>>>

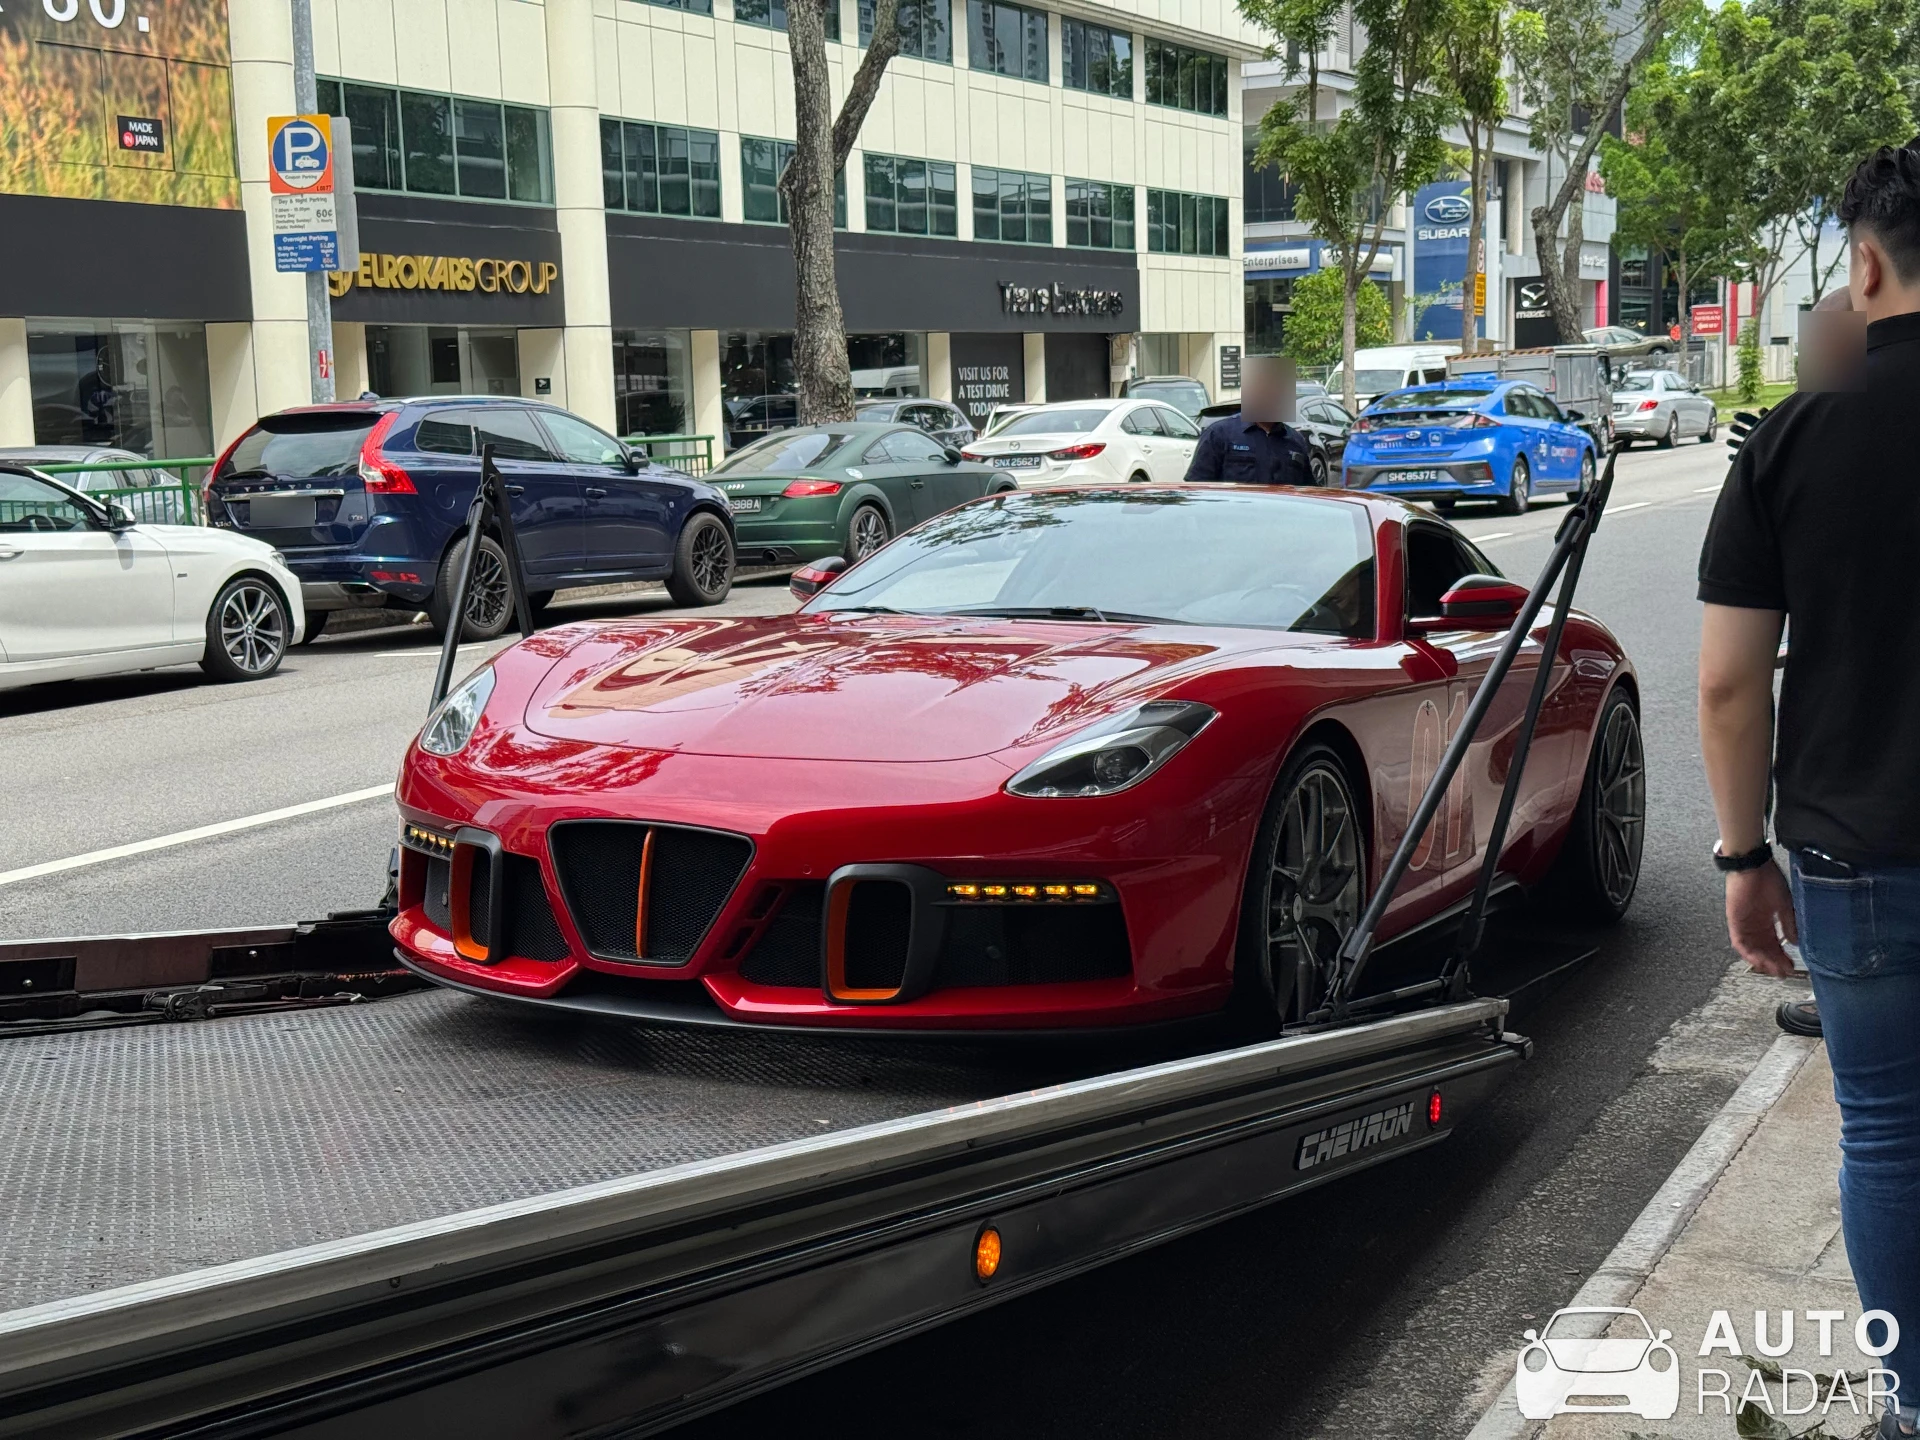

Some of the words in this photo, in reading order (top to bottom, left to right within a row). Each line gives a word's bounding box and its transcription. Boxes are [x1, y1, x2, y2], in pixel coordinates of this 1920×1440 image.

[128, 121, 153, 133] MADE
[135, 135, 158, 146] JAPAN
[284, 127, 321, 171] P
[1418, 227, 1470, 241] SUBAR
[1243, 255, 1299, 267] Enterprises
[958, 367, 979, 381] VISIT
[980, 367, 991, 381] US
[992, 366, 1009, 380] FOR
[958, 385, 966, 399] A
[966, 384, 984, 399] TEST
[985, 383, 1010, 398] DRIVE
[244, 483, 312, 492] VOLVO
[1298, 1101, 1415, 1170] CHEVRON
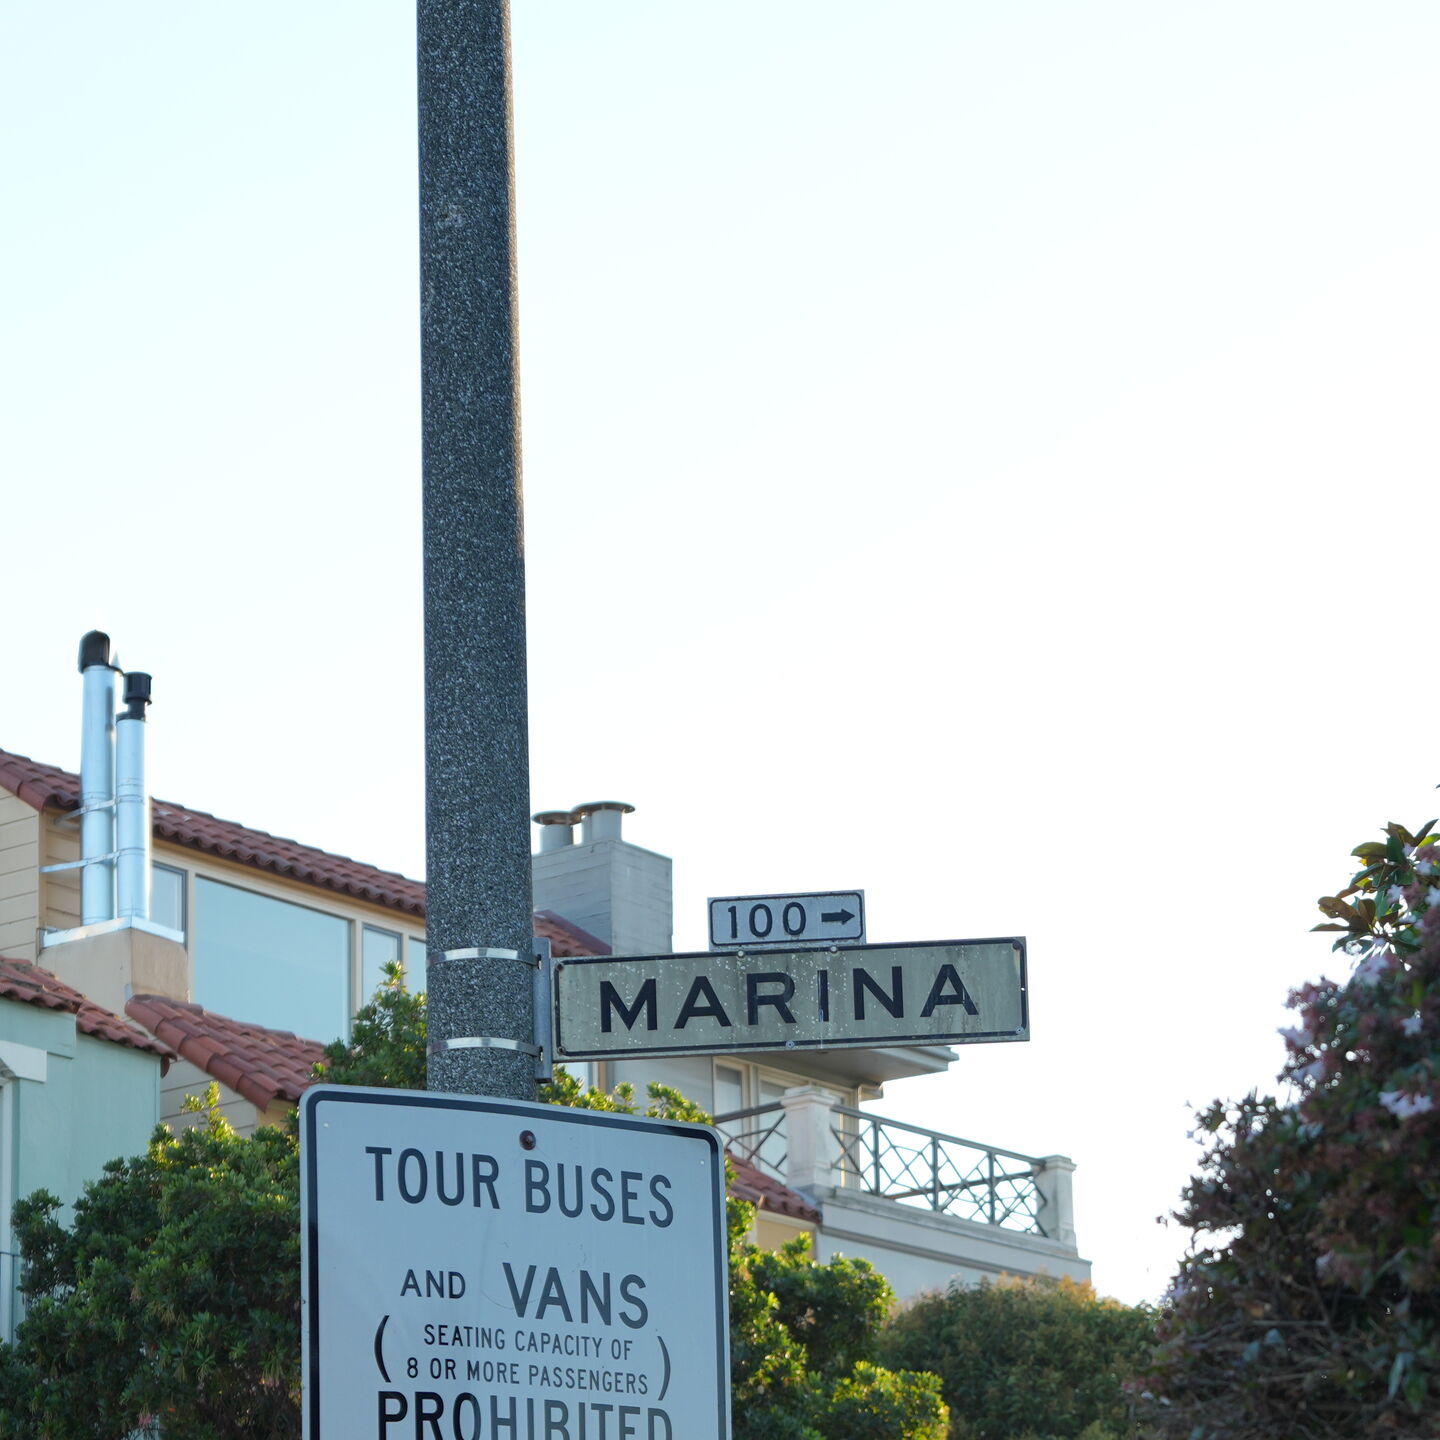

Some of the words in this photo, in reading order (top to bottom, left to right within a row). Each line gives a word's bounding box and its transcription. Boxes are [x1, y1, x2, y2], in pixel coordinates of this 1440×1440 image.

[727, 901, 807, 939] 100
[599, 963, 980, 1034] MARINA
[364, 1146, 501, 1210] TOUR
[524, 1158, 674, 1229] BUSES
[400, 1268, 466, 1300] AND
[502, 1261, 649, 1330] VANS
[423, 1323, 506, 1351] SEATING
[514, 1329, 603, 1358] CAPACITY
[610, 1338, 633, 1361] OF
[406, 1357, 419, 1379] 8
[429, 1357, 457, 1380] OR
[466, 1359, 520, 1385] MORE
[528, 1364, 649, 1395] PASSENGERS
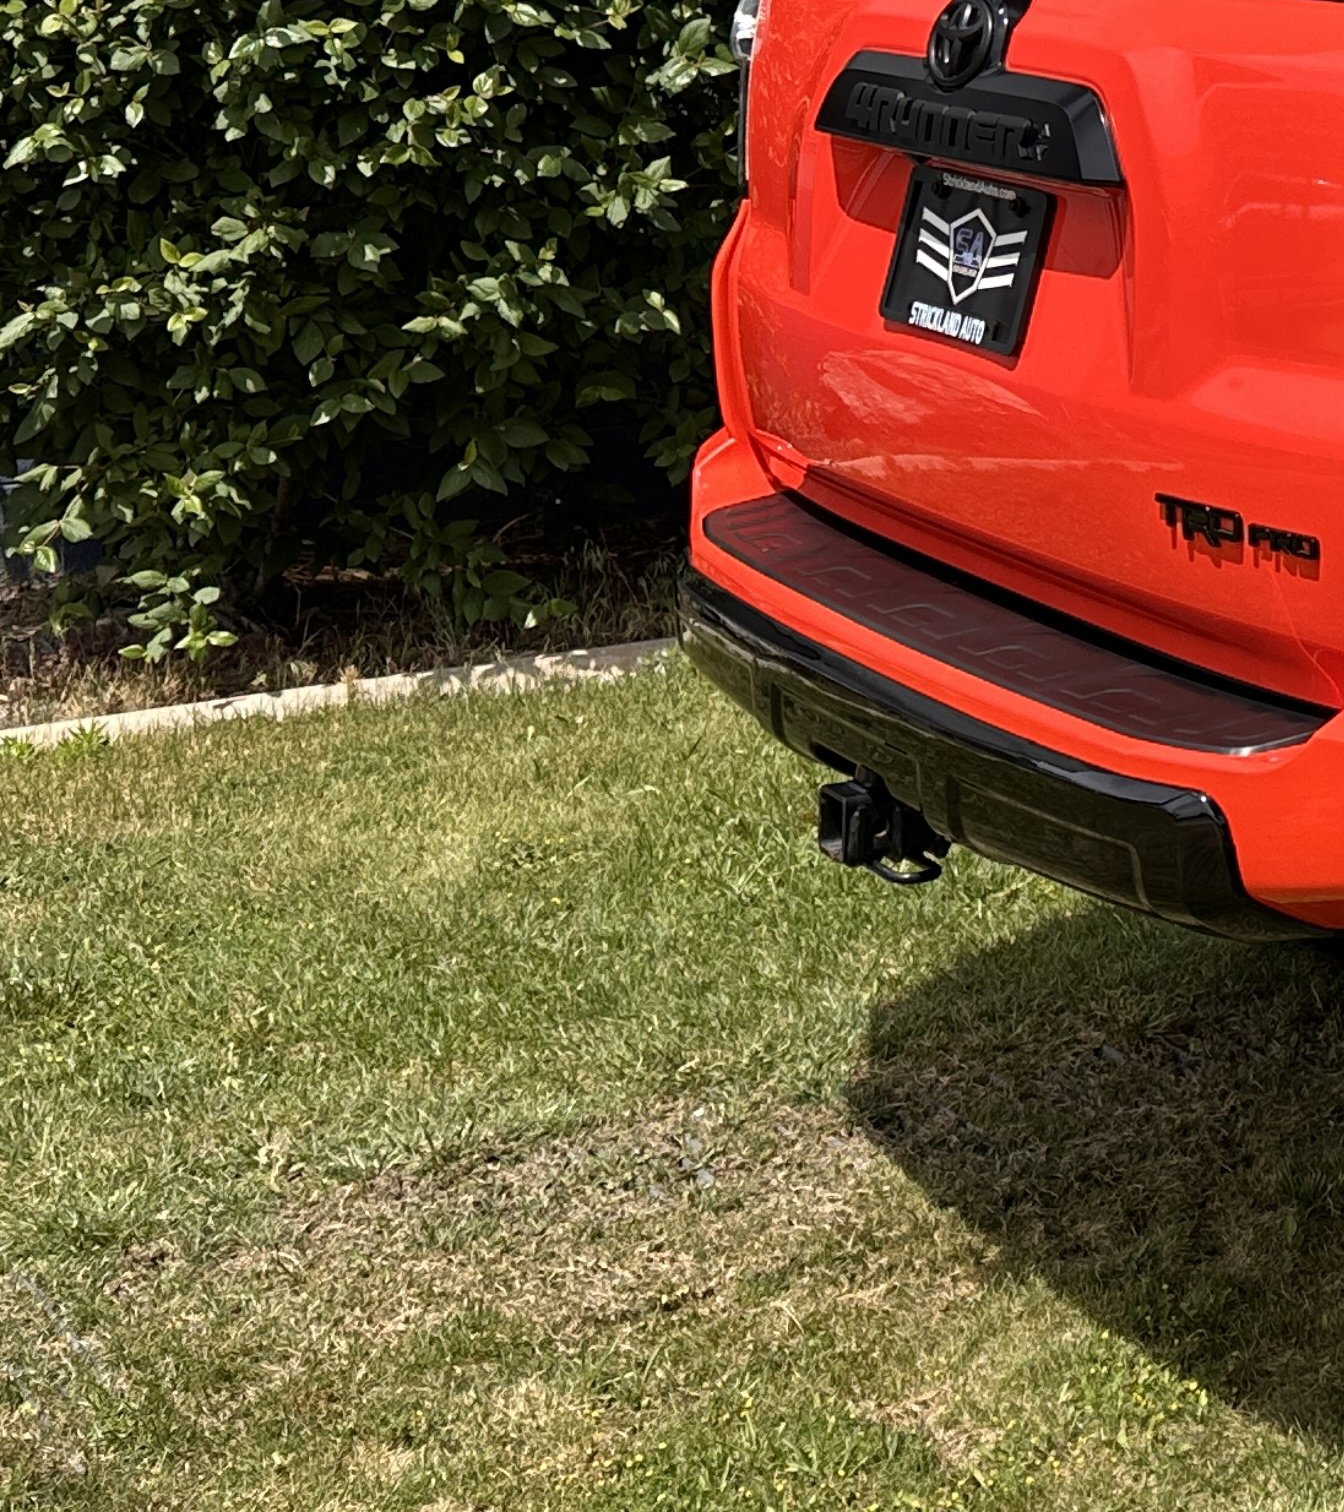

<<<

Problem to solve: Word for word, please, restate the lines of the listing from the one holding "this 1440×1440 image." down to the last line, leaving out any pictures.

Response area:
Some of the words in this photo, in reading order (top to bottom, left to right within a row). Each line gives a word's bounding box and its transcription. Boxes are [x1, y1, x2, y2], in pixel coordinates of this 1440×1440 image.

[727, 901, 807, 939] 100
[599, 963, 980, 1034] MARINA
[364, 1146, 501, 1210] TOUR
[524, 1158, 674, 1229] BUSES
[400, 1268, 466, 1300] AND
[502, 1261, 649, 1330] VANS
[423, 1323, 506, 1351] SEATING
[514, 1329, 603, 1358] CAPACITY
[610, 1338, 633, 1361] OF
[406, 1357, 419, 1379] 8
[429, 1357, 457, 1380] OR
[466, 1359, 520, 1385] MORE
[528, 1364, 649, 1395] PASSENGERS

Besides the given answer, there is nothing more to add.